Por Júlia Pereira Damasceno de Moraes.
É extremamente entristecedor e preocupante o quadro atual de menos valia que a humanidade está atribuindo para o sofrimento do outro. A capacidade de permanecer apático ou mesmo cético, ou ainda com um estranho sorriso abobalhado, espantado e injustificável na face, a cada foto de alguém que tropeça e cai, de alguém que está sendo embalsamado para posterior sepultamento, de alguém cujo filho faleceu em um tiroteio com a polícia ou de imagens que retratam crianças que foram vitimadas por algum tipo de fanatismo também injustificável e qualquer coisa menos que humano.
Fico apavorada quando vejo um adolescente rindo ao ver alguém apanhando em vídeos que se disseminam indiscriminadamente pelo whatsapp e que são iguais às pragas em uma lavoura: representam nada mais que prejuízo e destruição. Também me apavora a falta de baliza moral ou emocional que leva um adolescente ou jovem a espalhar imagens que representariam o constrangimento de outro ser humano, como ocorre com os recentemente famosos “nudes” que tem virado um fatídico vírus em nossa sociedade.

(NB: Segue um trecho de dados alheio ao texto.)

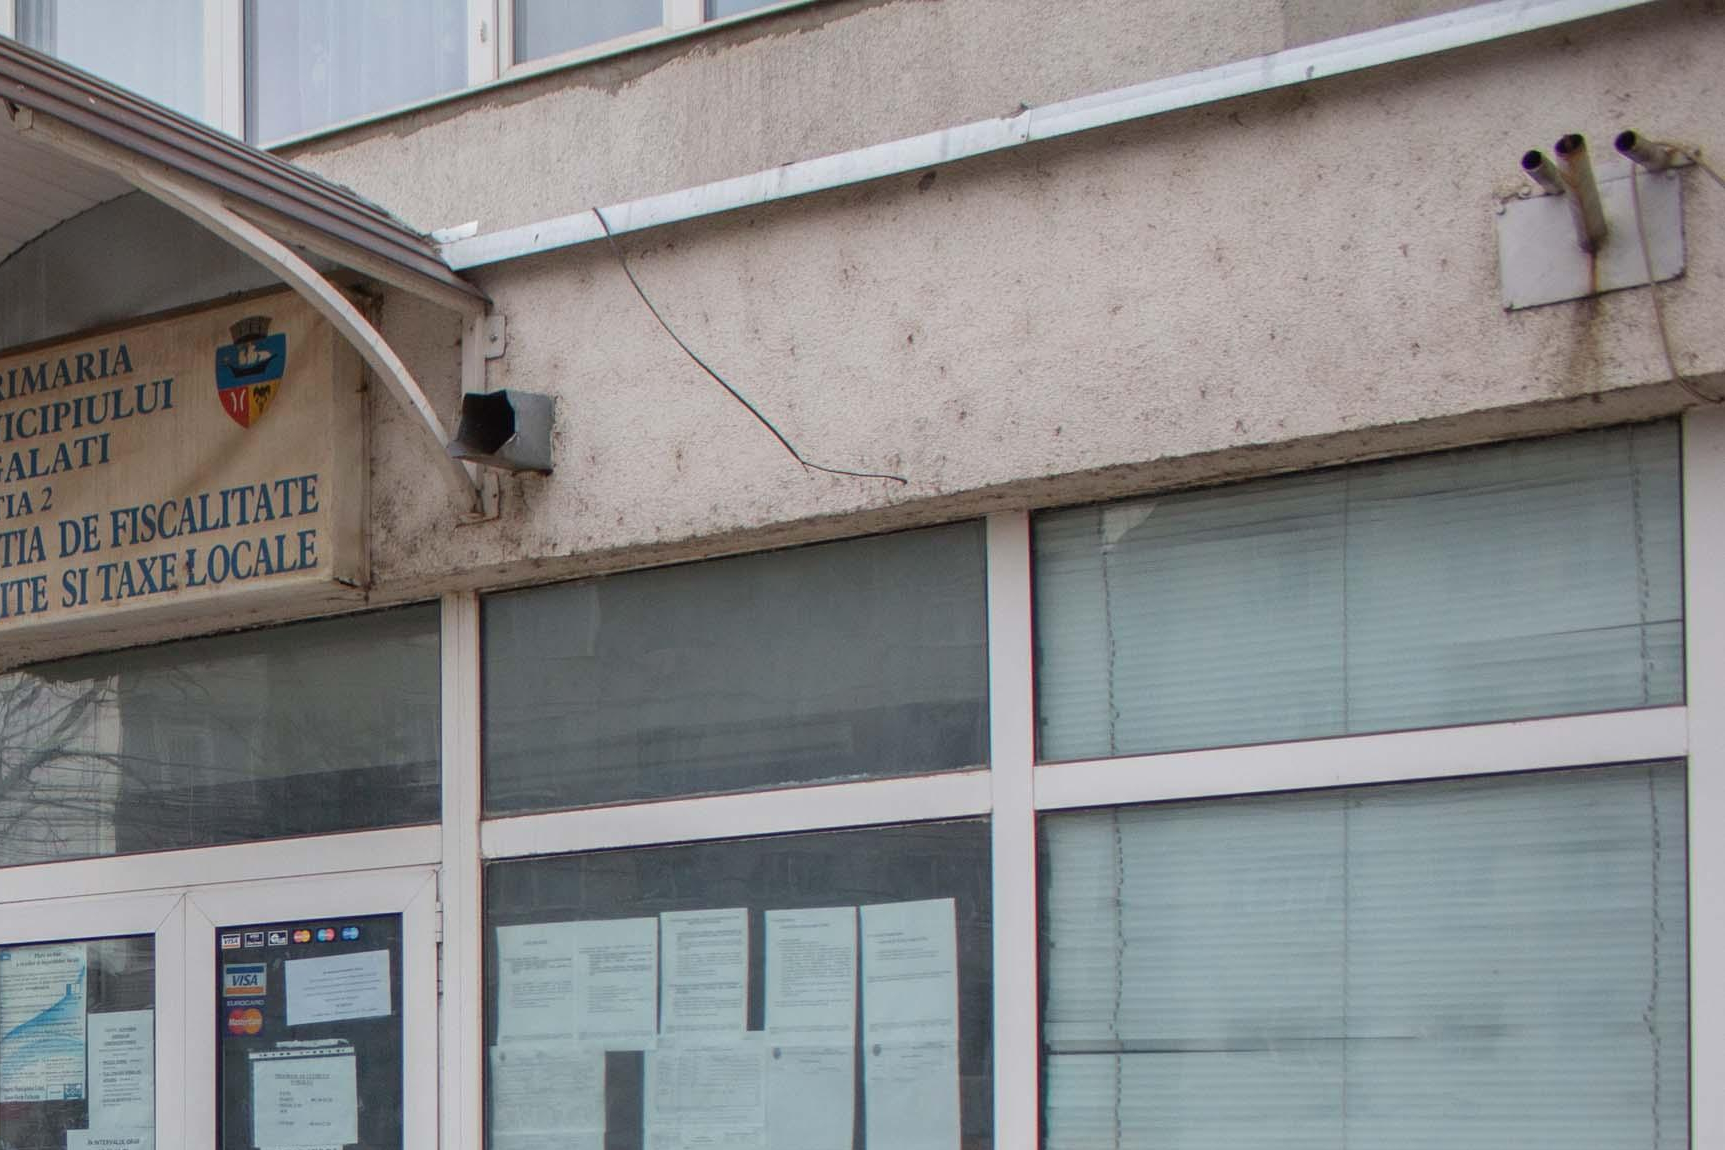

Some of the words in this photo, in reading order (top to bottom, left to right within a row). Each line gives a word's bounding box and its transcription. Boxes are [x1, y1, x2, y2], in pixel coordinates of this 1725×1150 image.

É cultural? É contemporâneo? É resultado de uma capacidade sem fronteiras de mandar e disseminar informação? Ou é resultado da inversão de valores, da carência de valores que tem manchado nossa comunidade global tal qual fazem os óleos em mar aberto. De modo que representam morte, se não de mais gente, pelo menos da noção de humanidade, de compaixão e solidariedade. Itens escassos nos dias de hoje.
A banalização da morte e do sofrimento tem se propagado com maior velocidade, através das mídias virtuais. Há pais que sequer sabem como se opera o aparelho celular que, há muito custo, compraram para o filho adolescente e desprovido (talvez) da capacidade de entender realmente e profundamente o sofrimento e a dor que vê estampando a tela de seu celular. Assim, contribui inadvertidamente para propagar essa incapacidade, esse enrijecimento do que deveria escandalizar, doer em quem vê, incomodar, causar inconformidade e discordância. No entanto, o que se percebe é a formação de uma geração que ruma para os caminhos da incapacidade de se condoer, de se ofender, de se magoar pelo outro.

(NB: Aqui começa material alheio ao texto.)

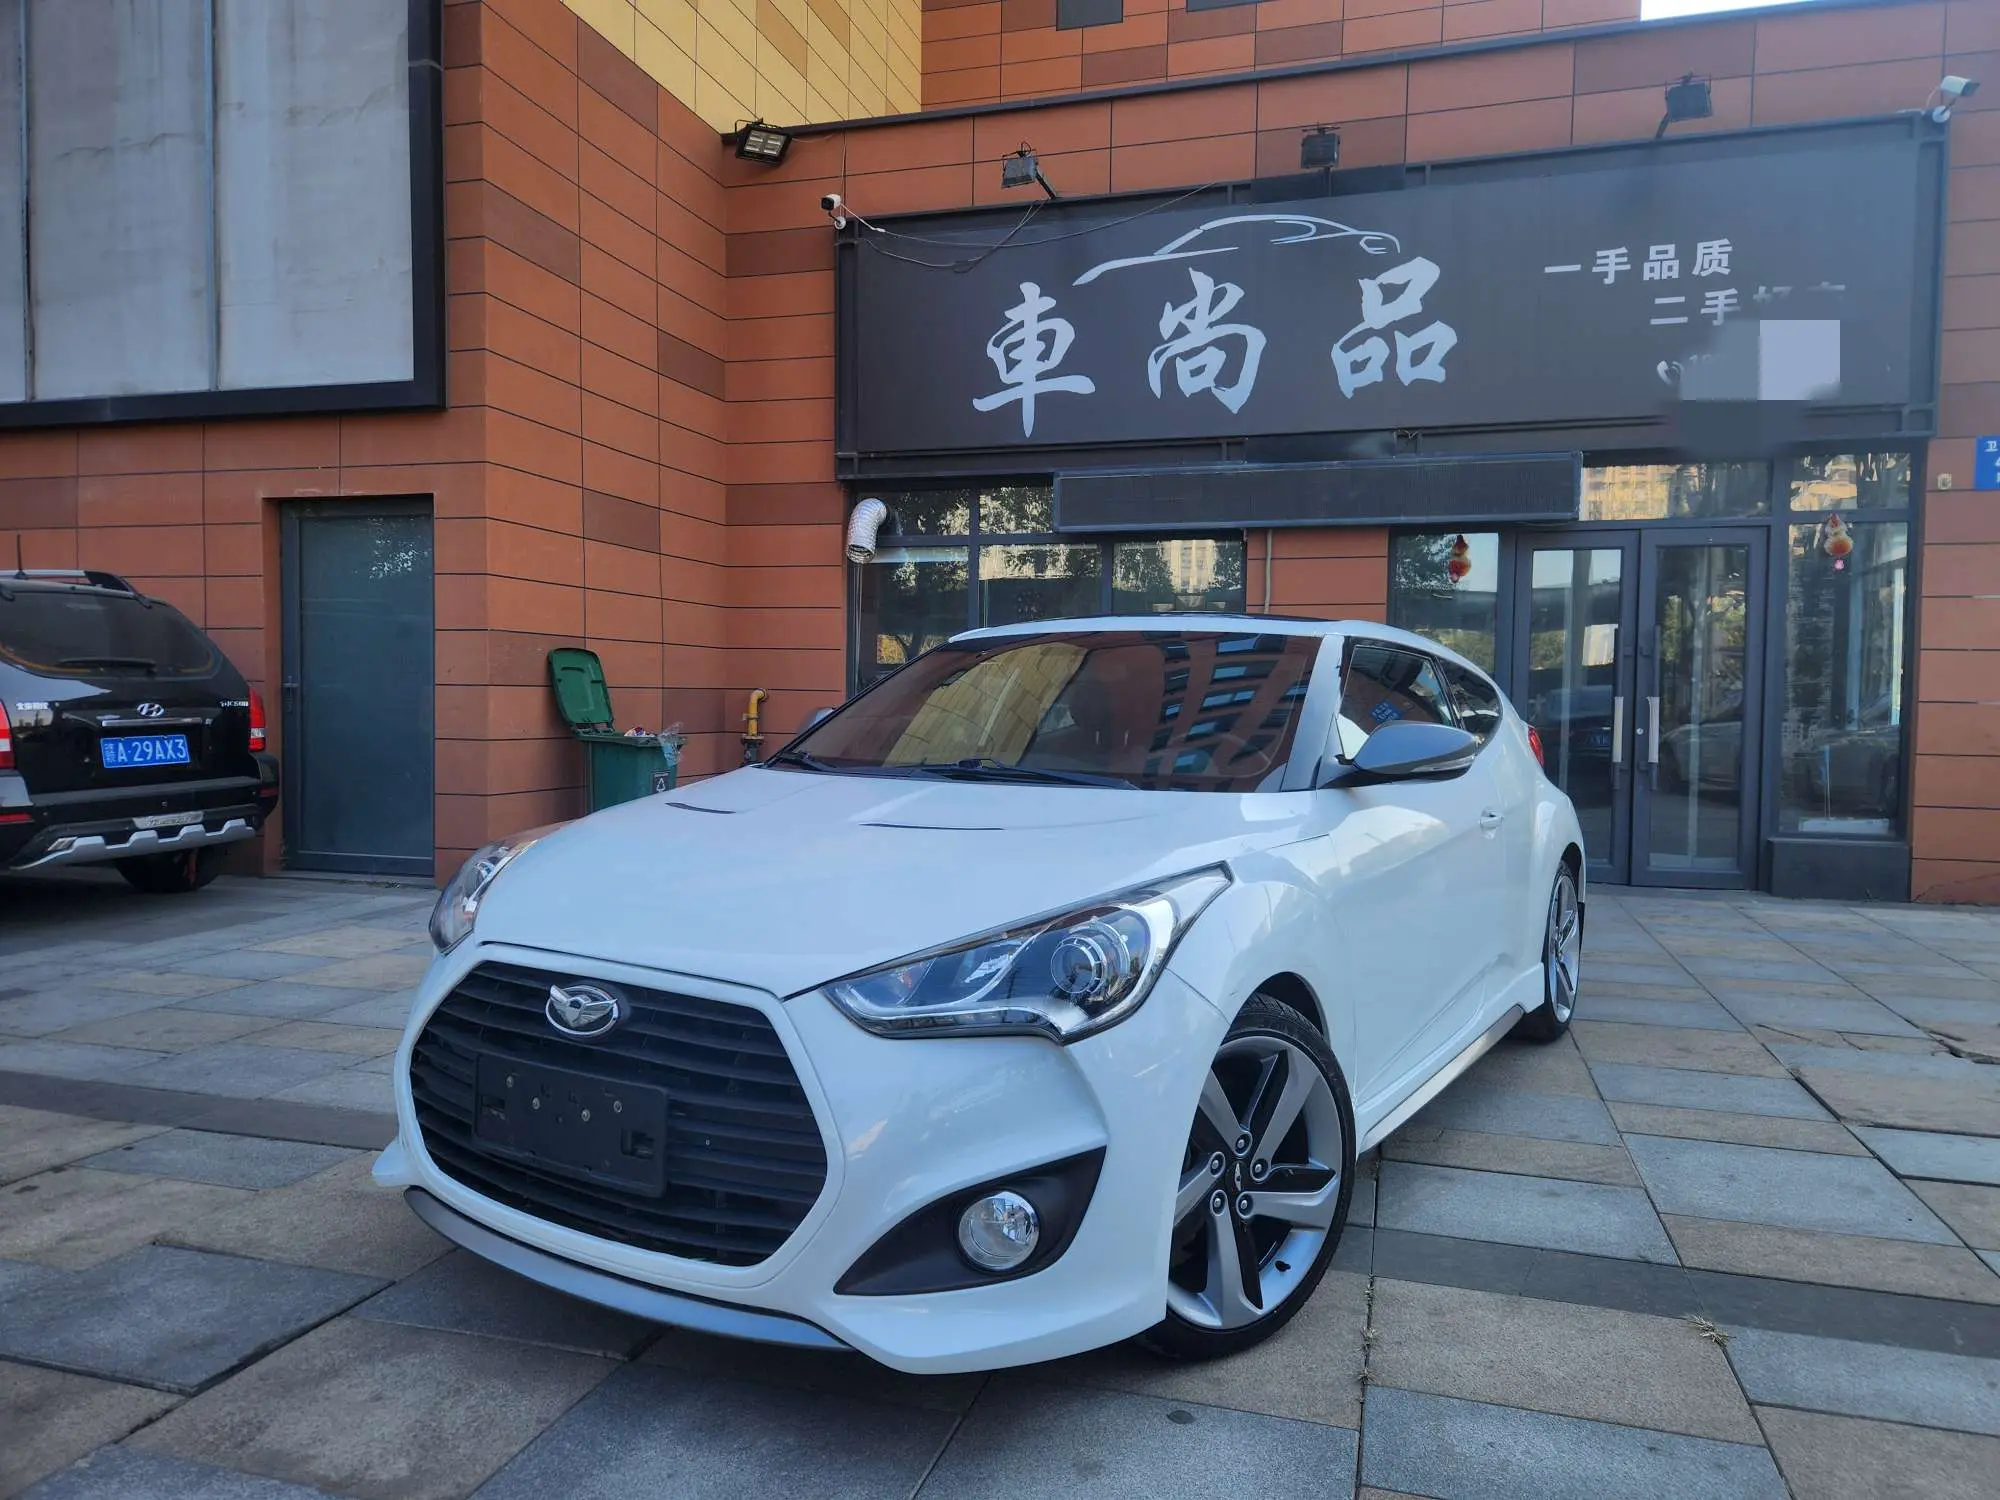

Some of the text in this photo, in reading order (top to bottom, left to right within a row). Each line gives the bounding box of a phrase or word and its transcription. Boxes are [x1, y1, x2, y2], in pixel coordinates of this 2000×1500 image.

Isso se refere aos nudes, aos atentados terroristas, aos refugiados que morrem na praia, às crianças que apanham todos os dias dos colegas nas escolas, aos mortos que são protagonistas involuntários de fotos que viralizam e de catástrofes que tem endurecido o coração do ser humano, desumanizando-o.
Mas tal completa ausência de empatia é percebida desde os primórdios da nossa civilização. Há, no ser humano, uma fascinação macabra pela dor alheia, pelo sofrimento alheio. Não raro, vemos filmes históricos que mostram o sofrimento em vias públicas de alguém que foi julgado e condenado, não como caráter punitivo, mas como espetáculo para a plateia ensandecida e abobalhada.
É como se, de uma maneira absurda, o ser humano se alegrasse com o sofrimento do outro, porque afinal de contas, é do outro. Deste modo, vamos contribuindo conscientemente ou inconscientemente para a (de)formação do nosso futuro. O futuro da (des)humanidade.